# Bip the Clown (1 Viewer)



## SilverMoon (Jul 29, 2011)

_
Nineteen-Forty _France danced and sang 
in its out-door’s Strasbourg cabaret 
where a young Jew boy spoke.

Spoke with a wind gust
before his people were bovine-porcine, 
herded by goose steppers to Herr Wolfsk’s kitchen.
His big black ovens birthing death.
Big belly’s of white smoke pushed into a sky, shut eyed.

“Ouch, ouch Auschwitz!”
jeered the fair haired Hitlerjugends,

Clean slates, neat, watching thin meat
eaten customarily by monumental infernos
while hearing Wagner’s “_Tan Hauser”_ 
within a spit, spit, spiting distance.

Marcel, the young boy, who spoke
before the wrong camp, knew the reek
of his tatinka, a kosher butcher, put on the slab
before the combustion. Before the putrid sin.

Oh, sweet silence.
Oh, sweet shield.

The boy will murder his voice
before it’s stolen by the last lethal lullaby.

Quiet - saving when leading little ones to Switzerland. 
Young father, teacher of mime.
No voice will save a child.

Little hands moving around round faces,
cupping pink ears, tongues stirring overtime,
eyelids stretched down before the herder child,

who’d become the man with the white face,
wearing a striped pull over and a be-flowered silk opera hat.
_
Bip the Clown_, outfitted to underline life's fragility.
Giant, generous gestures on stage, 
his only words,
making us laugh like pink eared children.

Master of L’art du Silence.
He went to a leading school.

_In Memory of Marcel Marceau_


----------



## Squalid Glass (Jul 30, 2011)

Had to look this one up. I'm wondering what brought this on...

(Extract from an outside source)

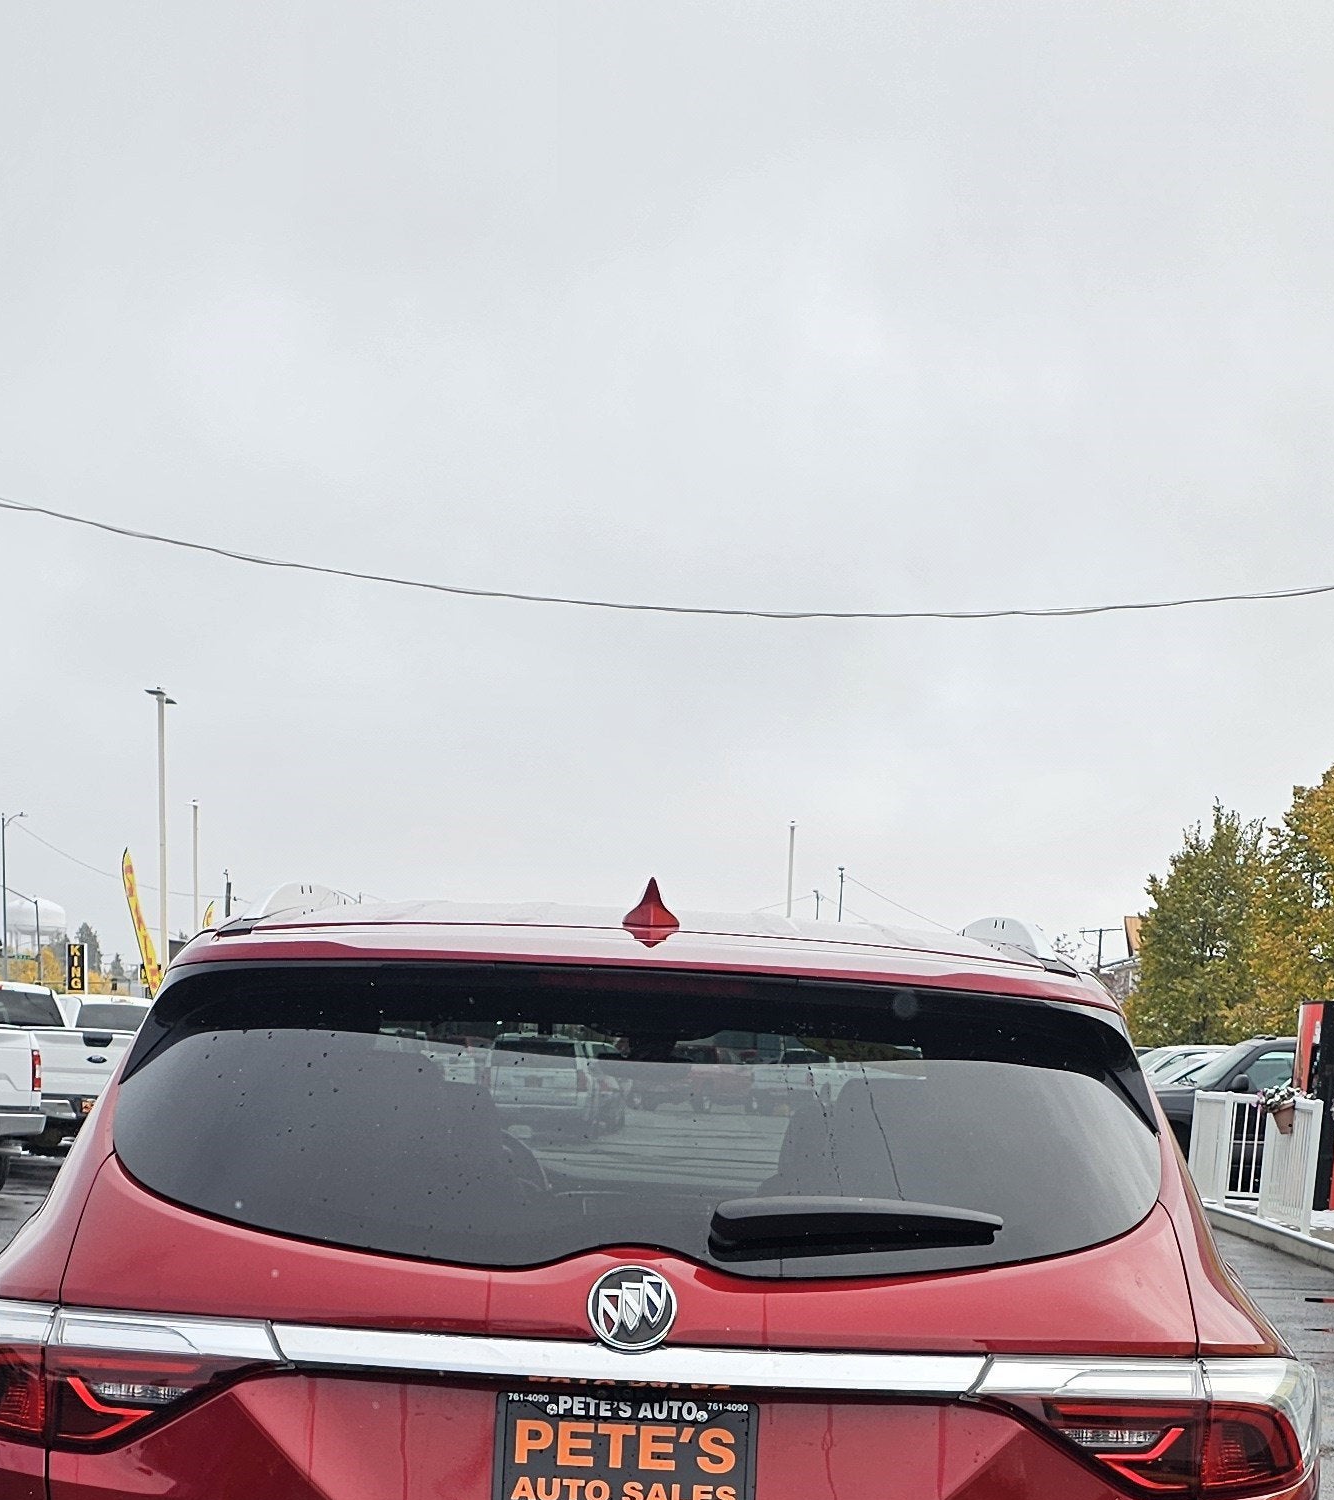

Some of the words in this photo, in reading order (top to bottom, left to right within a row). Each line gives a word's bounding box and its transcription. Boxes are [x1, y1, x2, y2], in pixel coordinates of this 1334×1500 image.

  I dare say this is your best piece. The Auschwitz imagery is brave and rendered perfectly. It's chilling, yet soft - as if it were written in quiet reflection. I think that's appropriate. Your command of sound on the line is exceptional here, as is your occasional rhyme. And the end line is just... it! Heh - can't describe it. You don't wrap this in a bow - you simply present it as is - no frills, no fancy. Such art is only practiced by the most accomplished hands.

It's not often I am blown away. Well done.


----------



## Olly Buckle (Jul 30, 2011)

I very nearly agree with Squalid, there were a couple of minor niggles for me,


> in its outdoor’s Strasbourg cabaret


would be "in its out-door Strasbourg cabaret" 



> clean slates, neat, watching thin meat
> eaten greedily by monumental infernos
> while hearing Wagner’s “Tan Hauser”
> within a spit, spit, spiting distance.


Here I felt the reader should be able to supply the middle two lines, they are almost cliché. I would like to see,
"clean slates, neat, watching thin meat
Upon a spit, spit, spiting distance."

But that's me, and it's not my poem; and it's a tiny part of a whole I loved.


----------



## Nellie (Jul 30, 2011)

Laurie,

As Squalid Glass said, this is a chilling piece. What sparked this? You tell one of the most horrific tales of our time in a gentle, yet unwavering style. 

Cindy


----------



## SilverMoon (Jul 30, 2011)

Glass and Cindy, I’m glad you both asked what incited this piece. Strange things happen. I was driving and "Ouch, ouch  Auschwitz" hit me hard, almost as if I were hearing it. A poem "would" come from this.

About a month later, standing in front of my bookcase scanning for a certain book I spotted my trilogy of “The Gulag Archipelago” remembering my heartbreak and fury from reading it years ago.

I put it out of my mind...then, instantly, Marcel Marceau came to mind? Particularly, the "why" of his Box bit". To Wiki... only to discover much more. He learned how to mime in Auschwitz...when leading the children to the Swiss boarder he had to keep them silent lest they be caught so he taught them how to draws tears down their face and various physical ways to expressing themselves in mitdz of terror.

The camps, the clown? Was this coincidence? Sometimes, I wonder what is above us all.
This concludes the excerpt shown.